COVID-19 has wreaked havoc on the global economy. The pandemic’s impact caused businesses to reassess their corporate strategies and tactics in response to the
Manufacturers of IoT solutions are no exception. Here are some noteworthy trends to keep an eye on.
The current state of video surveillance in GPS car tracking is a little out of date. Especially when compared to stationary video surveillance and the possibilities it offers, such as face and object identification. In the security market, technologies that give color images in the dark are gaining popularity. So how do cameras ensure visibility in adverse weather circumstances such as severe rain, snow, fog, or smog? They generate images using thermal imaging, which measures heat.
In most cases, video monitoring in telematics currently entails a simple video recording of everything in a row. For transportation, it isn’t exactly right. Managing the records of
thousands of hours of video from hundreds of cameras is nearly difficult. Users must obtain a segment of video from a specified event at a given time.
Although mobile communication networks are developing, their current capacity does not allow for a good channel for typical video transmission. On that front, 5G networks might be a game-changer. In addition, the capabilities of fifth-generation networks,
which are currently being deployed worldwide, could give telematics video monitoring a new lease on life. Regardless of the season, weather, or time of day, users want an uninterrupted and stable connection to their fleet camera systems.
BLE and Wireless Sensors
Bluetooth Low Energy (BLE) is a technique for wireless data transport. BLE is geared
toward new applications in healthcare, fitness, security, and home entertainment. As a technology, it is always growing, providing new prospects for wireless sensor makers. Compared to other technologies, BLE has many advantages, including long-range transmission and a rising number of sensors, and simple network deployment.
Furthermore, the standard’s adaptability has aided the development of a slew of new sensors and devices.
It’ll only be a matter of time until we witness many new and exciting devices and IoT
solutions that will broaden the scope of telematics services.
2G/3G to 4G LTE-M Transition
The number of IoT devices that are connected is constantly increasing. As a result, 2G and 3G networks are getting overburdened. A 4G LTE-M network is the solution. It’s an LPWA network option designed specifically for IoT devices. The low-power, long-range 4G LTE-M network meets the basic needs of IoT networks. The second reason is that many developed countries have already said that their 2G/3G networks will be turned off. Germany, for example, aims to turn off 3G by the end of the year.
What does this signify for makers of equipment? First, they must update their product portfolios to include new, advanced equipment capable of supporting next-generation networks. These IoT solutions will assist organizations in taking advantage of all the benefits that next-generation networks have to offer.
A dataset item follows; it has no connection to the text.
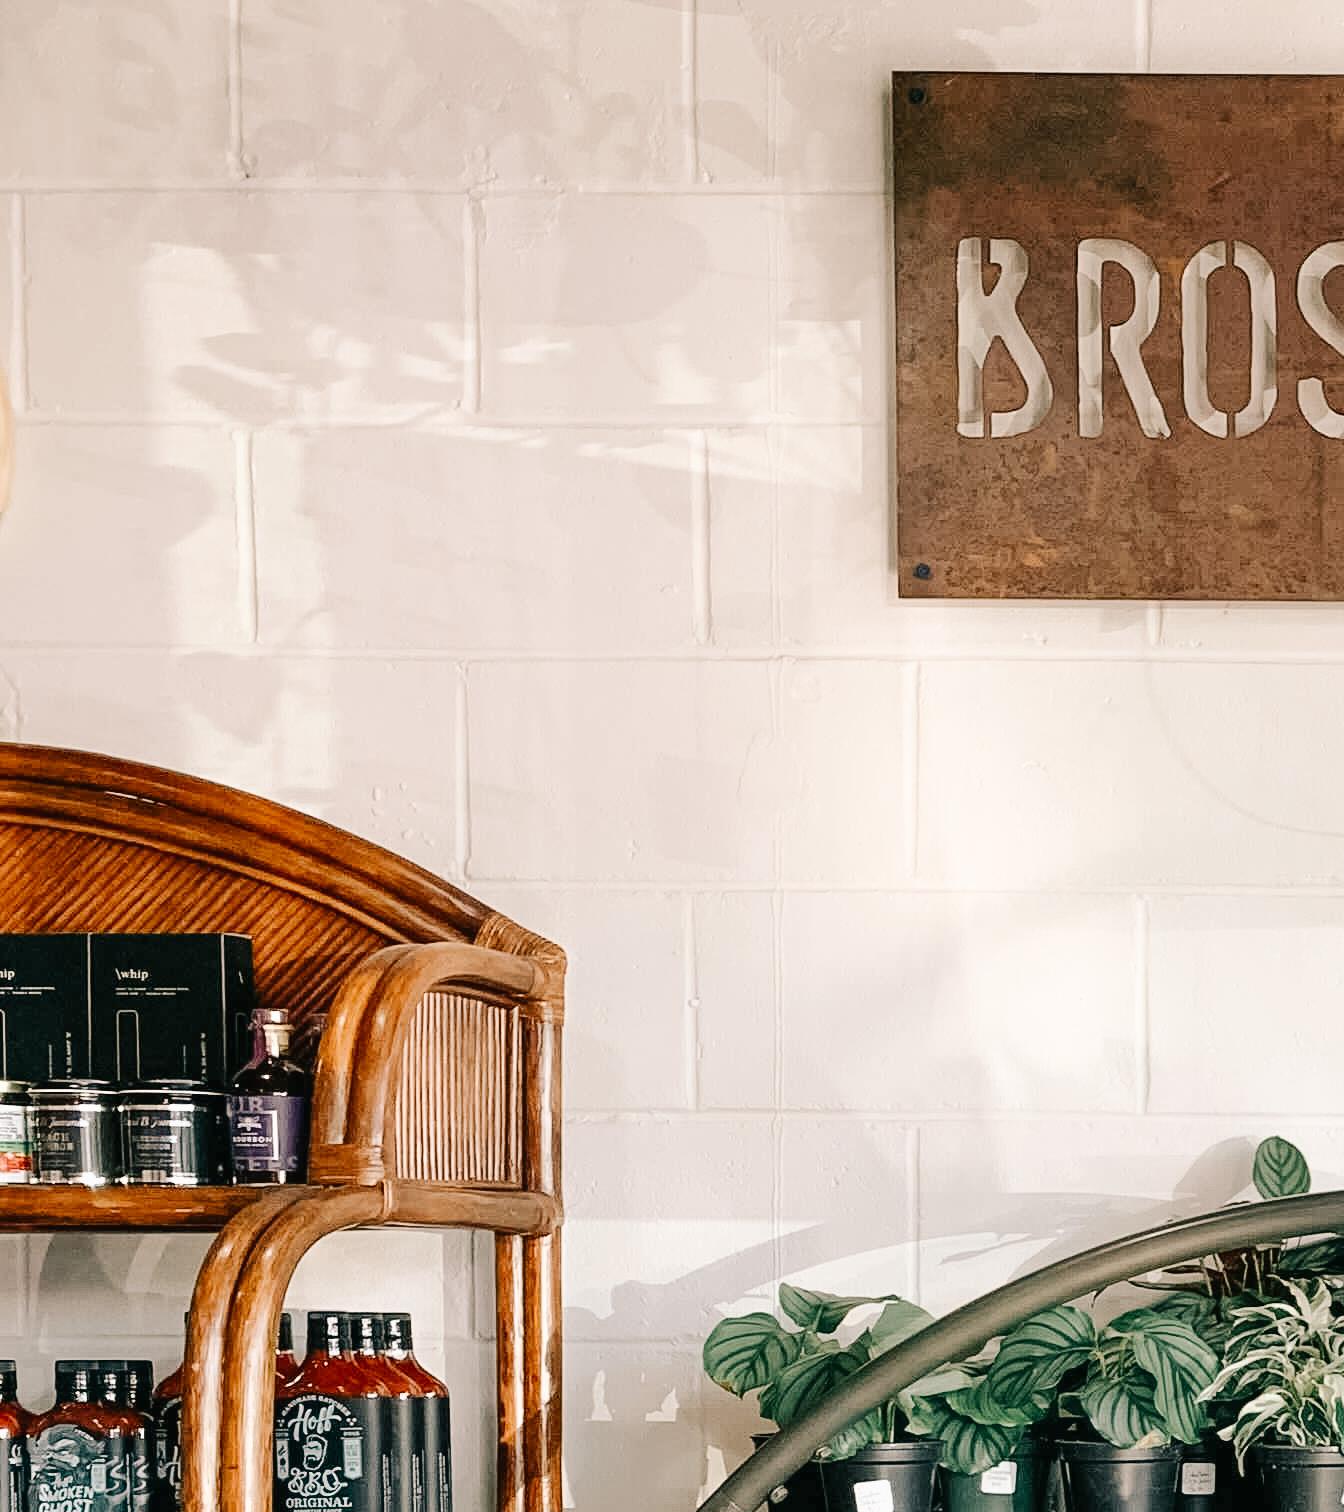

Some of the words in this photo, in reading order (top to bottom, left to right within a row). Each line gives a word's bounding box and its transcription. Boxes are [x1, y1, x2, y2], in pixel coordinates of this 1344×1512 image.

[288, 1404, 342, 1441] Hoff
[288, 1467, 348, 1497] BBQ
[286, 1497, 353, 1509] ORIGINAL
According to Fortune Business Insights™, the global 5G in aviation market size was valued at USD 0.2 billion in 2019, is projected to reach USD 4.2 billion by 2026, at a CAGR of 53.46% during the forecast period.
Eco-Driving is a concept aimed at assisting businesses in better managing their fleets
and ensuring the safety of their personnel. In essence, an Eco-driving system collects data on how the company’s drivers operate the company’s vehicles. Eco-Driving, for example, can inform a corporation when drivers speed up, brake hard, or drive
irresponsibly, causing parts and components to wear out. As a result, Eco-Driving has piqued the interest of insurance firms. Sensor data is being used for risk evaluations and incident investigations.
However, Big Data is the ultimate future of Eco-Driving. The more sophisticated the trackers are, the more data they can collect and the smarter and more effective services that can be produced in the future using this data. Autopilots and intelligent road
infrastructure are two examples of technologies that will be available in 2021.
This trend suggests new business areas and R&D directions for GPS tracker makers.
Increasing Complexity and Integration
The monitoring of transportation is growing more complicated. It used to be sufficient to
know a unit’s location and movement history. The list of responsibilities has grown significantly in recent years. Companies want to see the big picture and have complete control over their operations. As a result, modern telematics systems should not be considered separate from other platforms but rather an integral element of the overall IT ecosystem.
What does this imply for device makers? To begin, trackers should be more complicated to supply clients with a wider range of data. A contemporary tracker is a gadget that collects data from various sensors and components on a vehicle. In addition, it should be able to communicate with other systems and function with the car’s CAN-buses.
Addressing IoT hardware and IoT solutions makers necessitates developing
increasingly complex and intelligent trackers to collect data and integrate it easily into enterprise infrastructures.
The trends outlined above indicate that big changes in telematics equipment are on the way. And we’re likely to see completely new options on the market shortly.
We all know that the IoT can transform the current mobile app development market trends. It is projected to bring up many opportunities for any company or individual
involved in this industry. Whether directly or indirectly, the IoT will shape the future of practically every business.
The trends listed above will likely dominate the IoT solutions environment in the coming years. However, amid all these predictions and trends, the future is promising and worth the wait.